痛みが落ち着いてきたら、お風呂などで温めて血行を良くします。入浴後のストレッチも効果的です。

 

・栄養と休養をしっかりとる

筋肉を修復するためのタンパク質(肉、魚、大豆製品など)や、疲労回復効果があるビタミンB群(豚肉、うなぎ、ニンニクなど)、クエン酸(レモン、梅干しなど)を意識して摂ると筋肉痛の回復に効果的です。

また睡眠をとることで分泌される成長ホルモンには、新陳代謝を活発にし、疲労回復や身体を修復する作用があります。十分な睡眠をとることも筋肉痛の解消には大切なことです。

 

 

効果的な漢方薬治療と対策

 

漢方において筋肉痛は、なんらかの原因で気血の流れが滞ったり、気血の不足により筋肉がきちんと働けなかったりすることで起こると考えられます。「通じざれば、すなわち痛む」というもので、筋肉痛以外の痛みについても同じように考えられています。
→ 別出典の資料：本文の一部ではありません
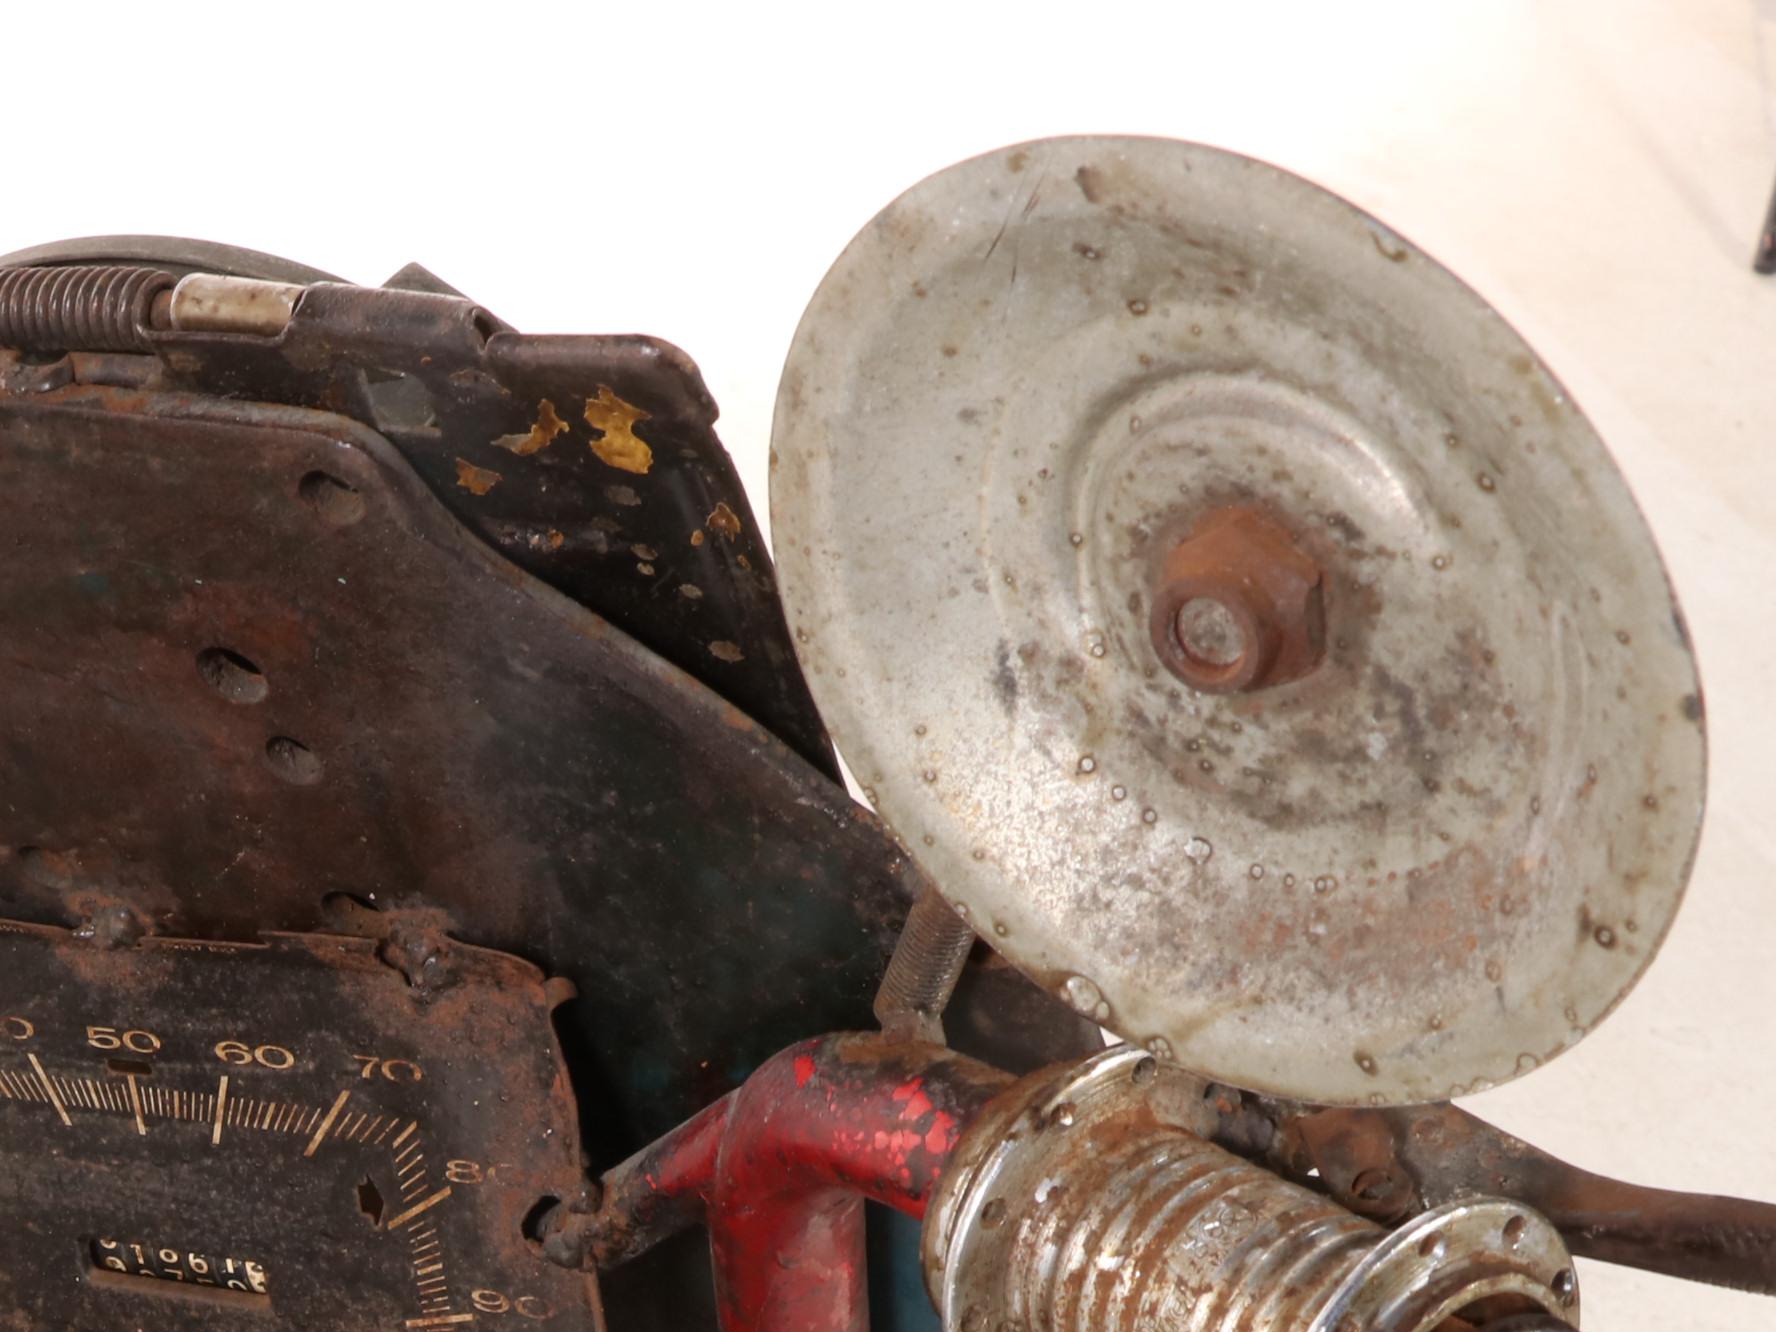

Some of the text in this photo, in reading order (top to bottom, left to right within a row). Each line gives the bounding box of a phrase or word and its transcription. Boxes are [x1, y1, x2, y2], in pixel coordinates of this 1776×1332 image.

原因となる状態としては、「冷え」や体の余分な「水分」、患部が炎症を起こして「熱」をもっている、「血の滞り(お血)」や「気の滞り(気滞)」、「気血の不足(気虚、血虚)」などがあります。これらの状態を改善する漢方薬を、体質などに合わせて使用します。

 

・芍薬甘草湯・・・筋肉のひきつった状態や、痛みを緩和する効果があります。肝の働きを良くし、気を回復させる作用がある漢方薬です。比較的体質を選ばず使用できます。

 

・疎経活血湯・・・血行を良くして体の余分な水分をとり、痛みをとる効果があります。患部の血流を改善し、お血が原因となる筋肉痛に有効な処方です。冷えると痛むような場合に使用する漢方薬なので、筋肉痛の炎症が落着いたころに服用します。特に腰から下の症状に用いられます

 

・葛根湯・・・体の表面に冷えや風邪が入り込んで(風寒)起こる症状に効果的な漢方薬です。筋肉のけいれんやこわばりを緩和する生薬が配合されていて、風邪だけでなく筋肉のこりや痛みにも用いられます。上半身、特に首から上の症状によく効きます。比較的体力があり、自然発汗がないことを目標に使用します。

 

・麻黄湯・・・葛根湯と同じような作用をもちますが、より体力がある人に使用します。インフルエンザなどの熱が出る風邪の初期に用いられ、体の節々や筋肉の痛みにも効果を発揮します。強い発汗作用があり、体力のない人に使用すると汗をかきすぎて弱ってしまう(津液不足)ので注意が必要です。